Exercise objective. Please write out exactly the lines of the data below from the line holding "this 1619×1080 image." through the line holding "this 1250×1000 image.", and leave out the rest.

Entries provided.
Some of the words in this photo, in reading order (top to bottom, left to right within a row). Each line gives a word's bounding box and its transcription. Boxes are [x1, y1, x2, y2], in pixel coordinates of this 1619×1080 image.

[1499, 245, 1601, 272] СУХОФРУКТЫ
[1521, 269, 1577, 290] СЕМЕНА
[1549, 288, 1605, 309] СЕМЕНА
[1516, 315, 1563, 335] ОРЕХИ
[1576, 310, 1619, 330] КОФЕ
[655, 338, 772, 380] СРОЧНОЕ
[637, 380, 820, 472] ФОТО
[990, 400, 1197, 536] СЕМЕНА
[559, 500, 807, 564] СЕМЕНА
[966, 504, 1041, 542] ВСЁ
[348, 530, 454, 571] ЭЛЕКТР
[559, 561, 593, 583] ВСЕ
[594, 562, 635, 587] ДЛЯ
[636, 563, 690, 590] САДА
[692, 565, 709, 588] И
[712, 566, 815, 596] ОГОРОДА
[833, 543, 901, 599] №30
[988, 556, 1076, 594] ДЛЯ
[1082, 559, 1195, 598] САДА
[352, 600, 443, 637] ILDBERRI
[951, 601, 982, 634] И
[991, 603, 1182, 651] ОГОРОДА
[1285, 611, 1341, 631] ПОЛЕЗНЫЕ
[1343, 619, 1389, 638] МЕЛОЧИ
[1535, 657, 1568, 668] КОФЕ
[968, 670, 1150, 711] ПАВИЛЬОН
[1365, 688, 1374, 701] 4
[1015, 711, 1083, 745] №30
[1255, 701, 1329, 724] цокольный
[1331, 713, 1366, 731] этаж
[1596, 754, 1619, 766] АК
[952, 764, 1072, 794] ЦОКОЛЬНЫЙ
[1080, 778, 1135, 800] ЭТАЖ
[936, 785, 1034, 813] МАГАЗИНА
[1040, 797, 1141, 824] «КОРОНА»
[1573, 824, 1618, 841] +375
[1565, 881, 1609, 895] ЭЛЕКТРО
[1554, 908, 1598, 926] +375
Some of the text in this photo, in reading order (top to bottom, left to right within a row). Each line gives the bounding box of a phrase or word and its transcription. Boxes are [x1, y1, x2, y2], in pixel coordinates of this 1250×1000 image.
---
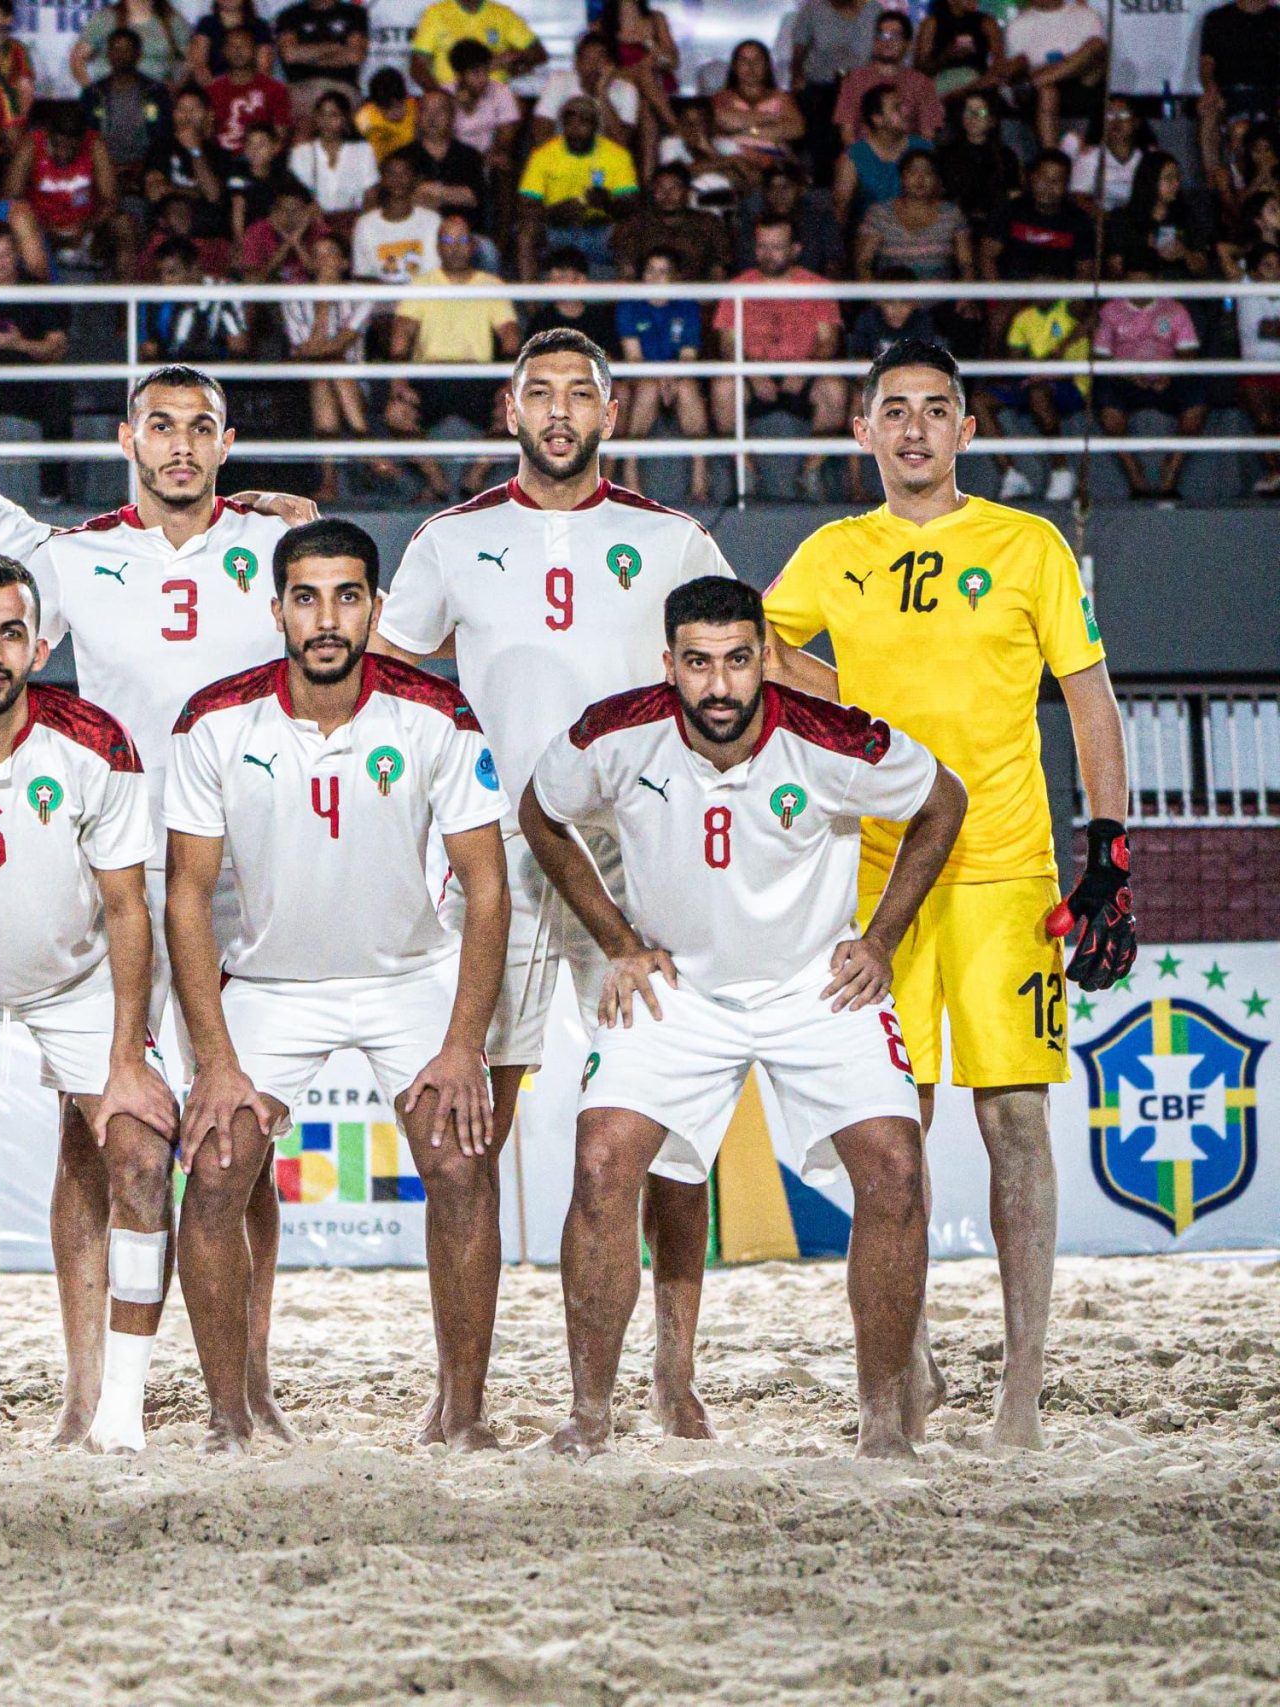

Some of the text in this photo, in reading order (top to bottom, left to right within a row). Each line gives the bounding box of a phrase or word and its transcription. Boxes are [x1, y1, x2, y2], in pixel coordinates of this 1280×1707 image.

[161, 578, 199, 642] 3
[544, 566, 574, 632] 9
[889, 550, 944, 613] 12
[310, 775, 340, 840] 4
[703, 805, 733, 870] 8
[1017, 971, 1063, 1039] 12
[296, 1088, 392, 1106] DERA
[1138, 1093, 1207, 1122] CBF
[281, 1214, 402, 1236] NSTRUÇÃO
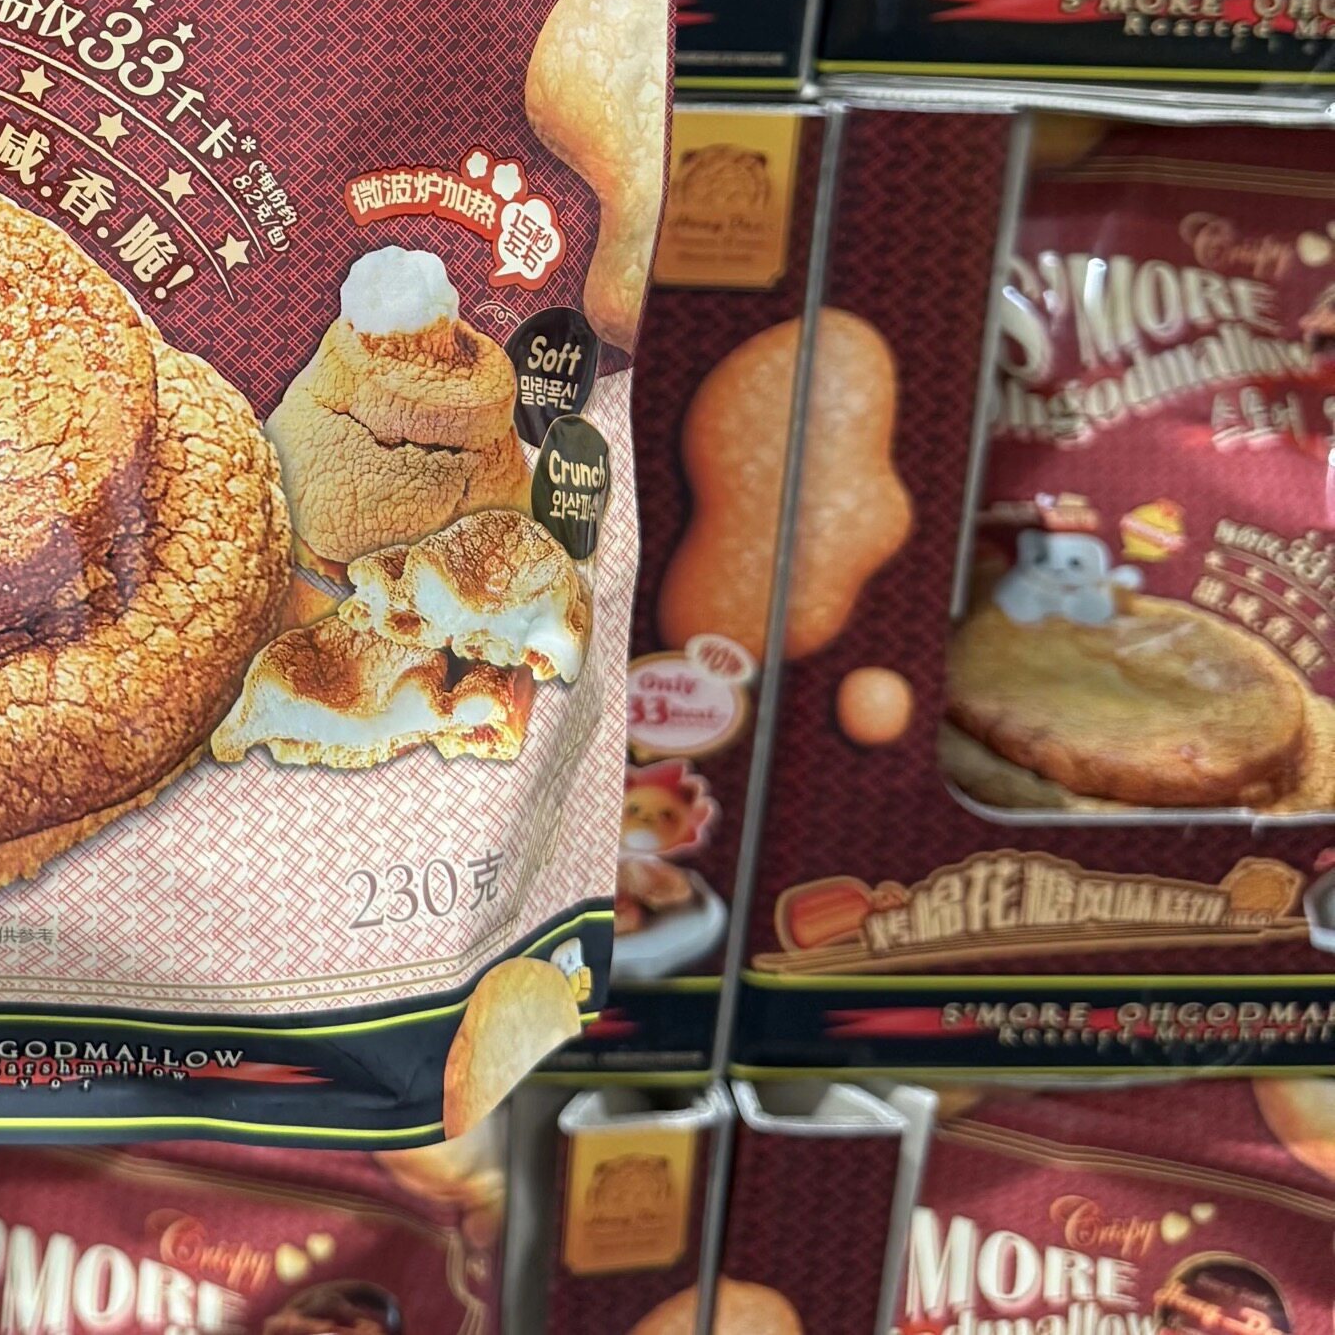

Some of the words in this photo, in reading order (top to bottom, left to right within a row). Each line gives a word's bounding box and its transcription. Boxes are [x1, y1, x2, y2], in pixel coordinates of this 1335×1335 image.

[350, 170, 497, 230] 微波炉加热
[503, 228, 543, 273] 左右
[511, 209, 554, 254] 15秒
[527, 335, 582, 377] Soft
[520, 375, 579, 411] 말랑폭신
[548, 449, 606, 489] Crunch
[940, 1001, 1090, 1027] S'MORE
==
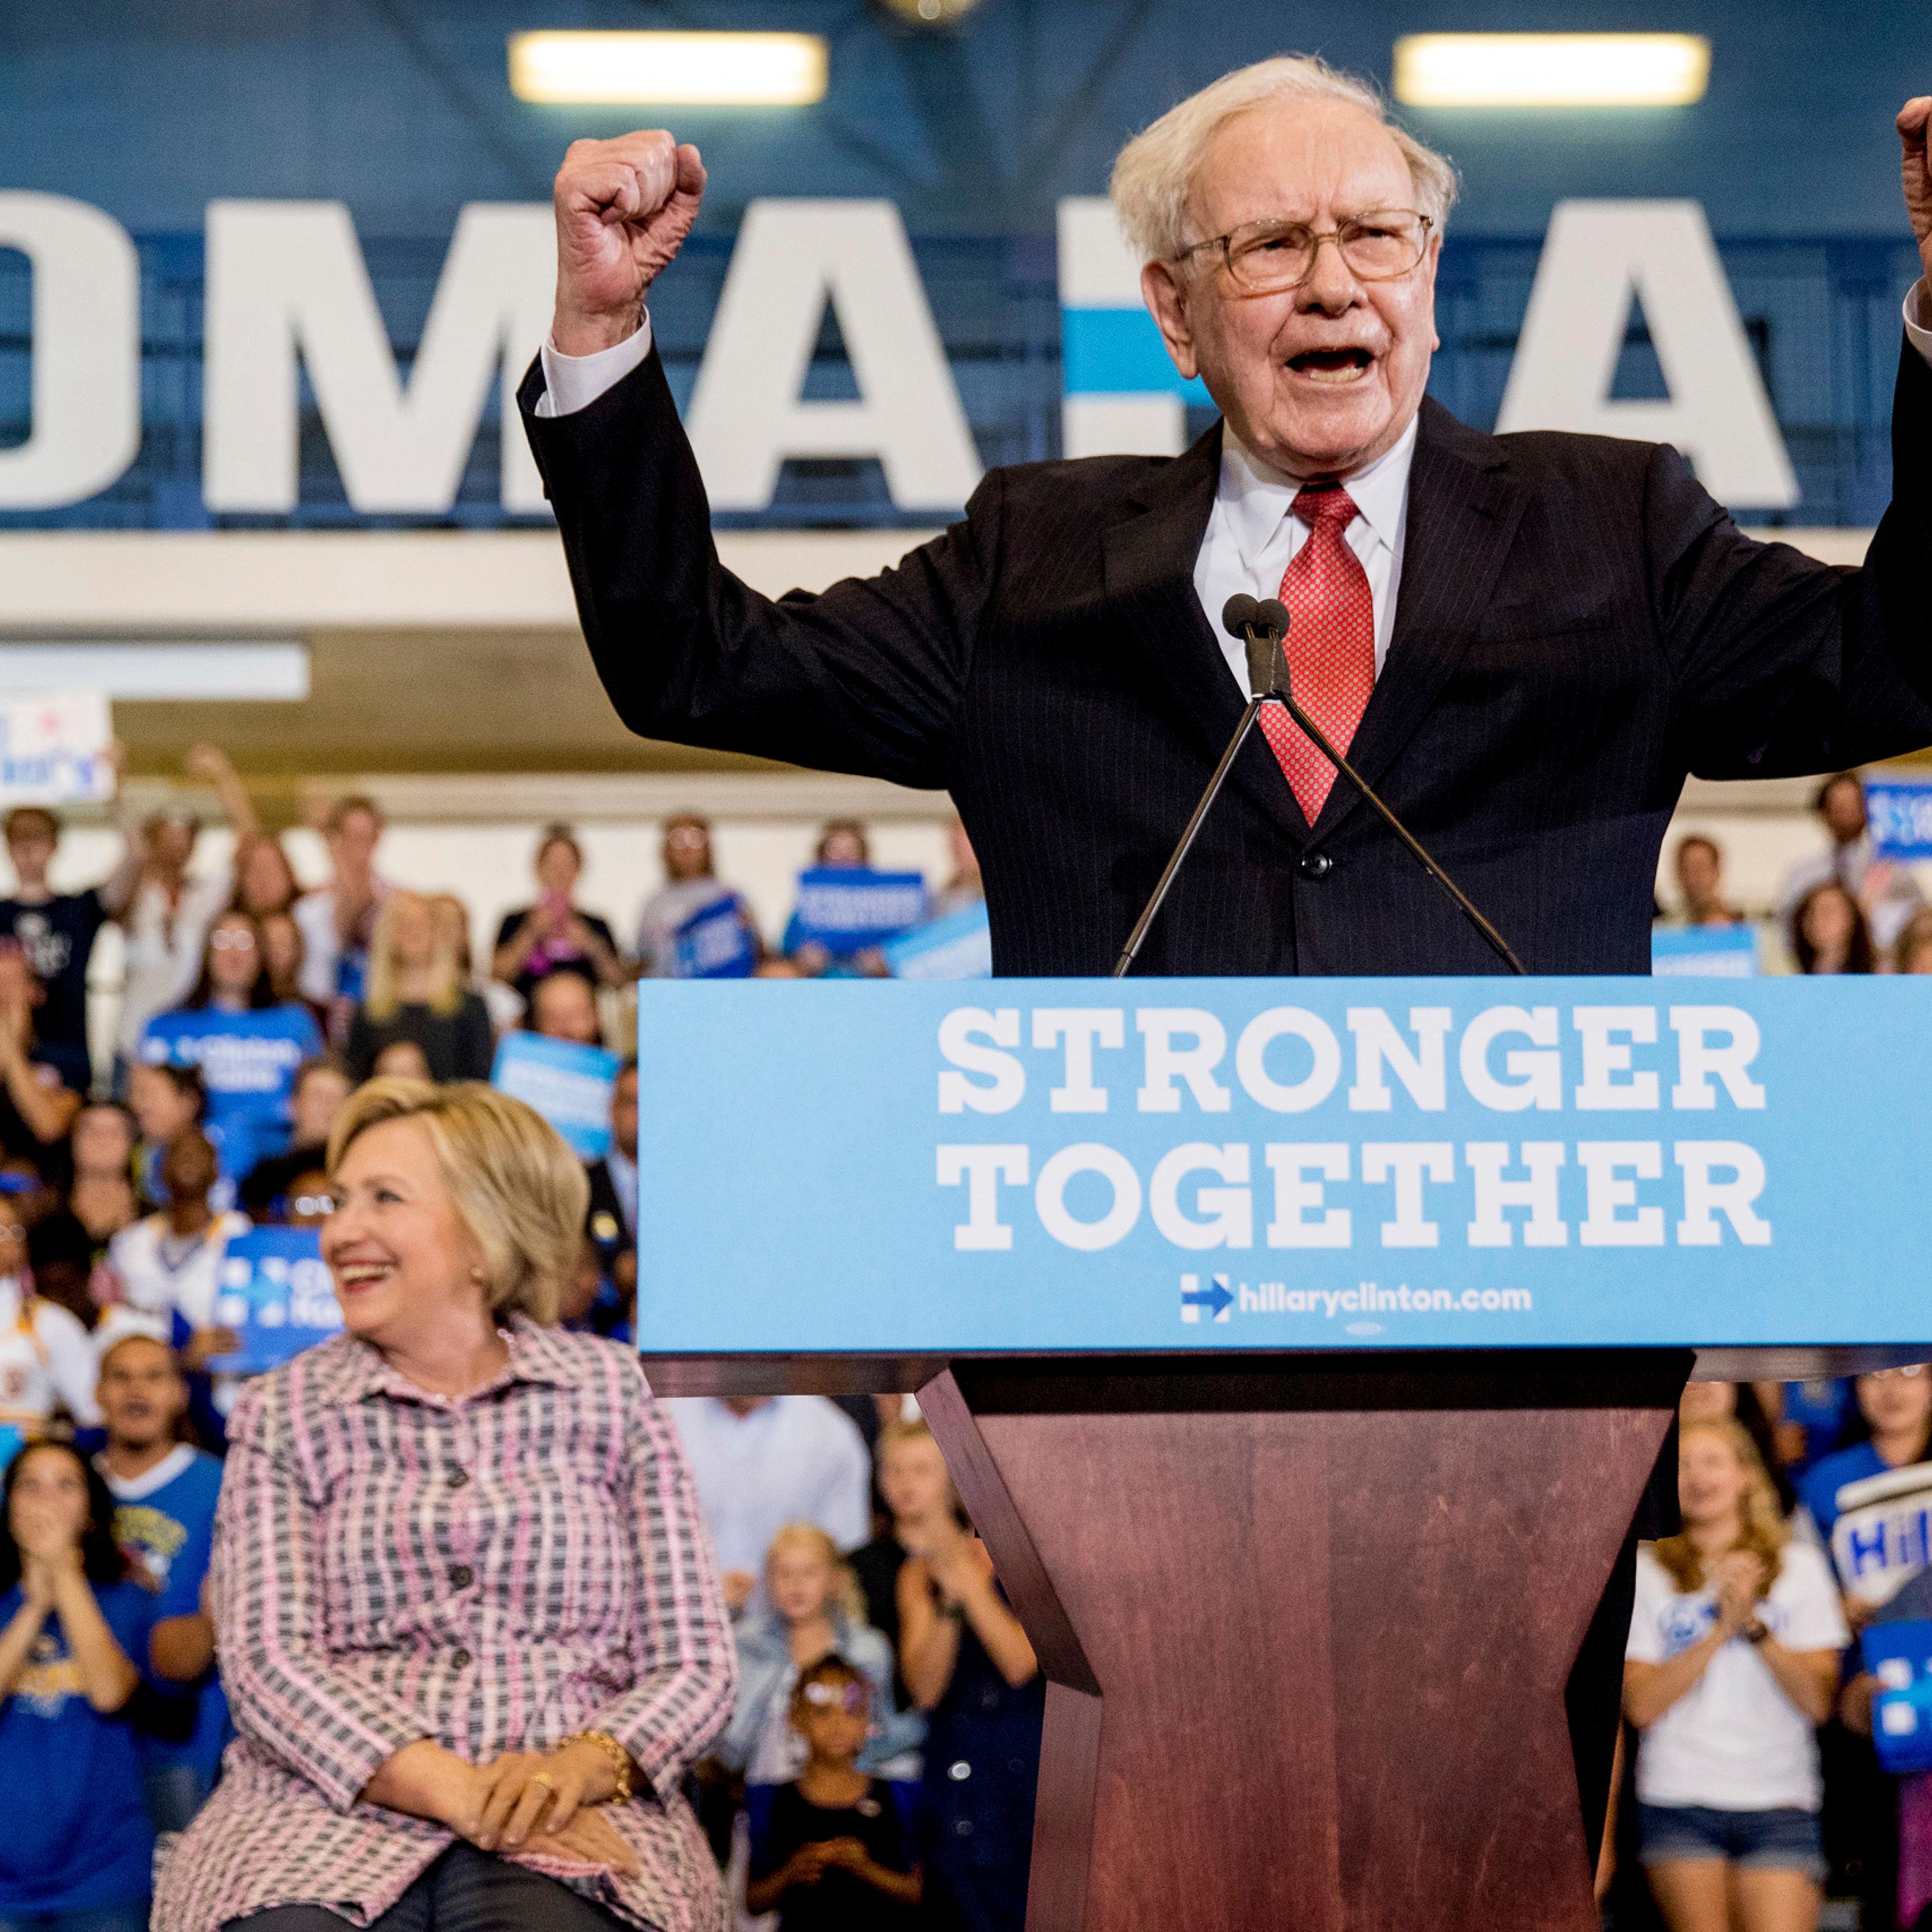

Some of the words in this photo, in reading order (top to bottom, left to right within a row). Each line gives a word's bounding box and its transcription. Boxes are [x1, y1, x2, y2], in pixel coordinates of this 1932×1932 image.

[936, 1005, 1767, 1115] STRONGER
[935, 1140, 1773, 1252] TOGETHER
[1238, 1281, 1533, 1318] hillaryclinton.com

Written response.
Some of the words in this photo, in reading order (top to bottom, left to right within a row). Each line gives a word's bounding box and its transcription. Boxes are [x1, y1, x2, y2], in pixel coordinates of this 1619×1080 image.

[1499, 245, 1601, 272] СУХОФРУКТЫ
[1521, 269, 1577, 290] СЕМЕНА
[1549, 288, 1605, 309] СЕМЕНА
[1516, 315, 1563, 335] ОРЕХИ
[1576, 310, 1619, 330] КОФЕ
[655, 338, 772, 380] СРОЧНОЕ
[637, 380, 820, 472] ФОТО
[990, 400, 1197, 536] СЕМЕНА
[559, 500, 807, 564] СЕМЕНА
[966, 504, 1041, 542] ВСЁ
[348, 530, 454, 571] ЭЛЕКТР
[559, 561, 593, 583] ВСЕ
[594, 562, 635, 587] ДЛЯ
[636, 563, 690, 590] САДА
[692, 565, 709, 588] И
[712, 566, 815, 596] ОГОРОДА
[833, 543, 901, 599] №30
[988, 556, 1076, 594] ДЛЯ
[1082, 559, 1195, 598] САДА
[352, 600, 443, 637] ILDBERRI
[951, 601, 982, 634] И
[991, 603, 1182, 651] ОГОРОДА
[1285, 611, 1341, 631] ПОЛЕЗНЫЕ
[1343, 619, 1389, 638] МЕЛОЧИ
[1535, 657, 1568, 668] КОФЕ
[968, 670, 1150, 711] ПАВИЛЬОН
[1365, 688, 1374, 701] 4
[1015, 711, 1083, 745] №30
[1255, 701, 1329, 724] цокольный
[1331, 713, 1366, 731] этаж
[1596, 754, 1619, 766] АК
[952, 764, 1072, 794] ЦОКОЛЬНЫЙ
[1080, 778, 1135, 800] ЭТАЖ
[936, 785, 1034, 813] МАГАЗИНА
[1040, 797, 1141, 824] «КОРОНА»
[1573, 824, 1618, 841] +375
[1565, 881, 1609, 895] ЭЛЕКТРО
[1554, 908, 1598, 926] +375
Some of the text in this photo, in reading order (top to bottom, left to right within a row). Each line gives the bounding box of a phrase or word and its transcription. Boxes are [x1, y1, x2, y2], in pixel coordinates of this 1250×1000 image.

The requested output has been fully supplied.